A selection of articles looking back through the markets last month.
Global Market Review
Investors take fright as coronavirus takes hold
As the spread of coronavirus gathered pace across the world during February, investors became increasingly concerned that the economic impact could trigger a global recession.
“Central banks are coming under pressure to respond to the impact of the virus via monetary policy”
The World Health Organisation, (WHO) reported 85,403 confirmed cases of coronavirus worldwide as at 29 February, with 2,924 deaths recorded. In the UK, 23 cases had been diagnosed by the end of the month. Share prices plunged: over February as a whole, the FTSE 100 Index fell by 9.7%, while the Dow Jones Industrial Average Index dropped by 10.1%. In Europe, the Dax Index fell by 8.4% and the CAC 40 Index declined by 8.5%, while in Japan, the Nikkei 225 Index and the Topix Index fell by 8.9% and 10.3% respectively.

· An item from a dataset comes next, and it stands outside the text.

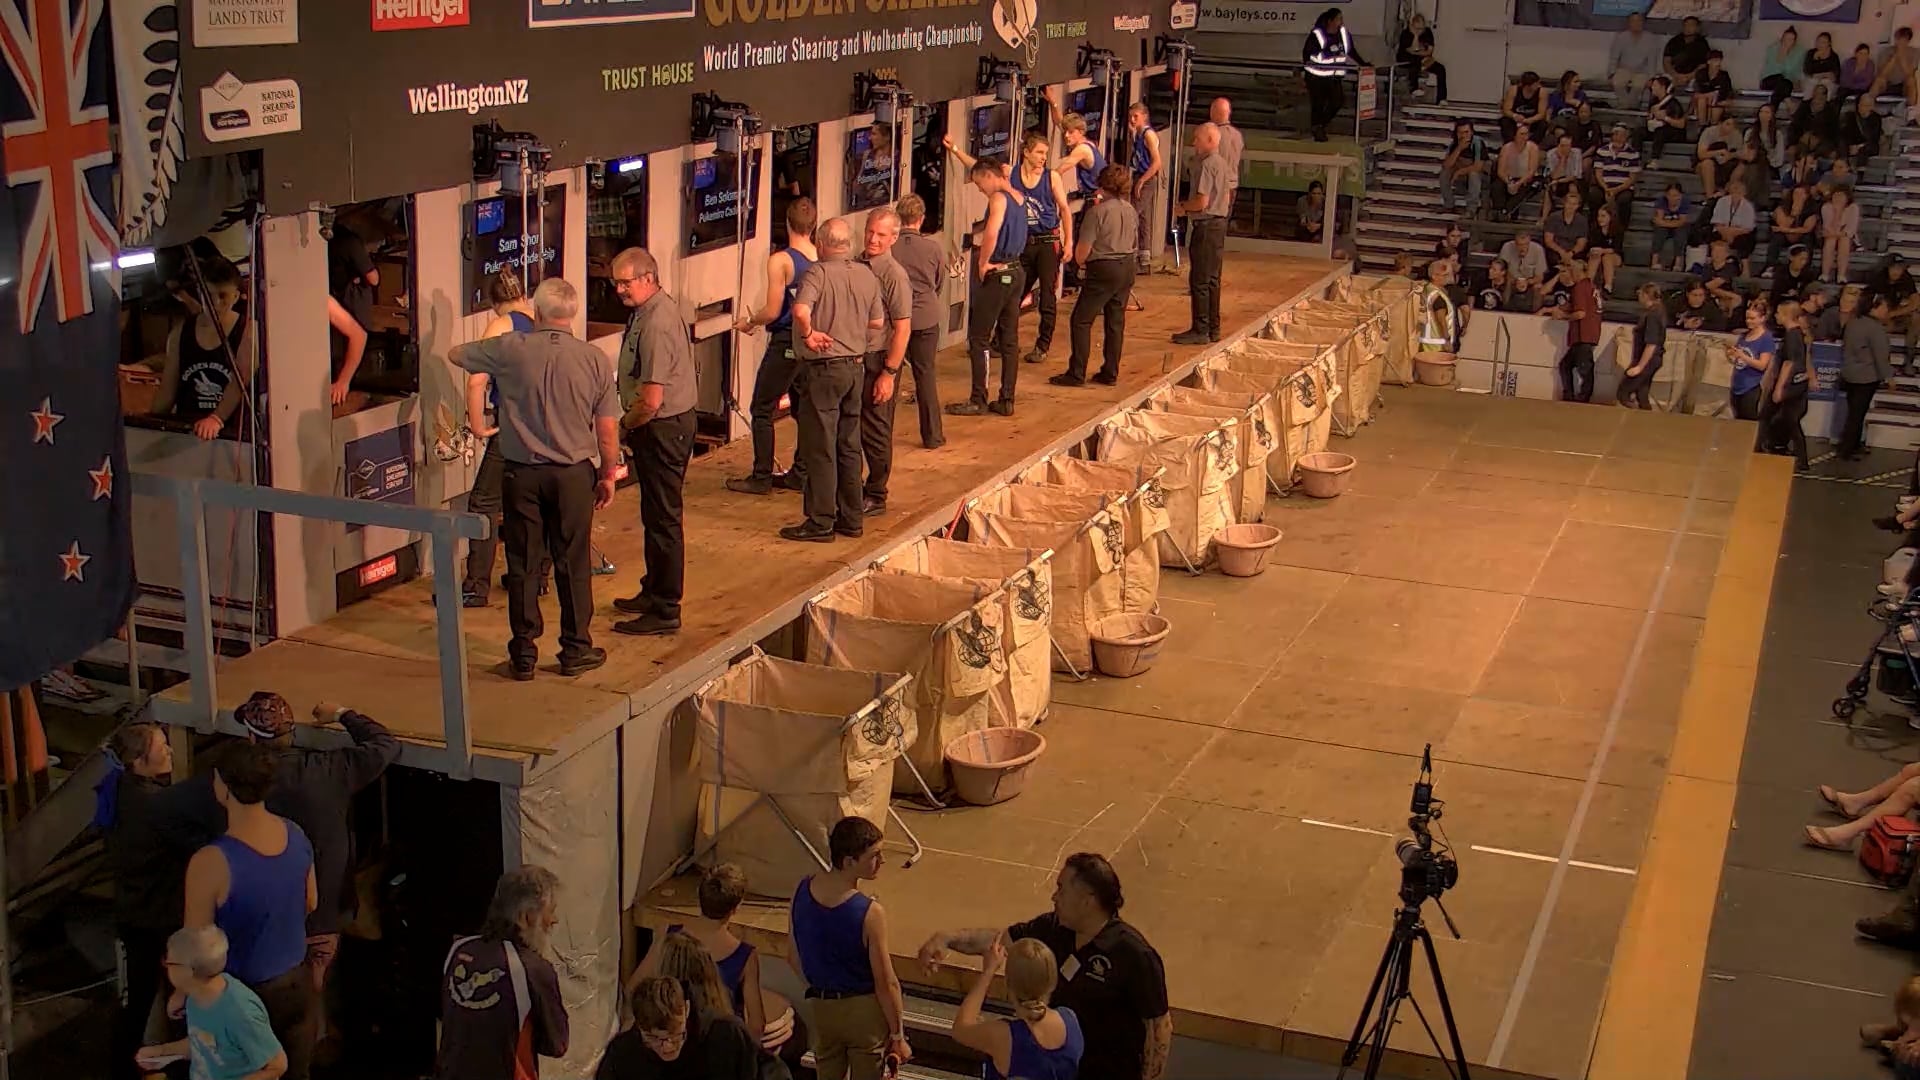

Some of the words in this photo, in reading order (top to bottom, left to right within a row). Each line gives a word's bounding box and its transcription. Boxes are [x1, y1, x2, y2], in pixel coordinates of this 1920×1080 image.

According to Standard & Poor’s (S&P), sectors that are likely to prove especially vulnerable to the impact of the virus include those with heavy exposure to discretionary consumer spending – for example, leisure and travel – and those that rely on Chinese supply chains and demand, such as technology and automotive. During the month, many companies warned that the virus will have an adverse effect on revenues or earnings, although the impact at this stage remains hard to quantify. They included transport and travel companies such as British Airways parent company IAG and easyJet, technology companies including Apple and Microsoft, and drinks manufacturers AB InBev and Diageo.
Although central banks are coming under pressure to respond to the impact of the virus via monetary policy, many have limited scope to take action. US Federal Reserve (Fed) Chair Jerome Powell acknowledged that the coronavirus “poses evolving risks to economic activity” and pledged to “use our tools and act as appropriate”, fuelling speculation that the Fed will cut its key federal funds rate in March. Elsewhere, China’s authorities have already implemented a series of measures designed to shore up its economy.
Government bond yields tumbled as investors headed for perceived “safe-haven” investments. During the month, the yield on the benchmark US Treasury bond fell to a record low, dropping below 1.2%, while the benchmark UK gilt yield declined to its lowest level for four months. Meanwhile, the price of gold rose to its highest level for seven years. In comparison, Brent Crude oil fell below US$50 per barrel – its lowest price since 2017 – amid speculation that demand will drop sharply.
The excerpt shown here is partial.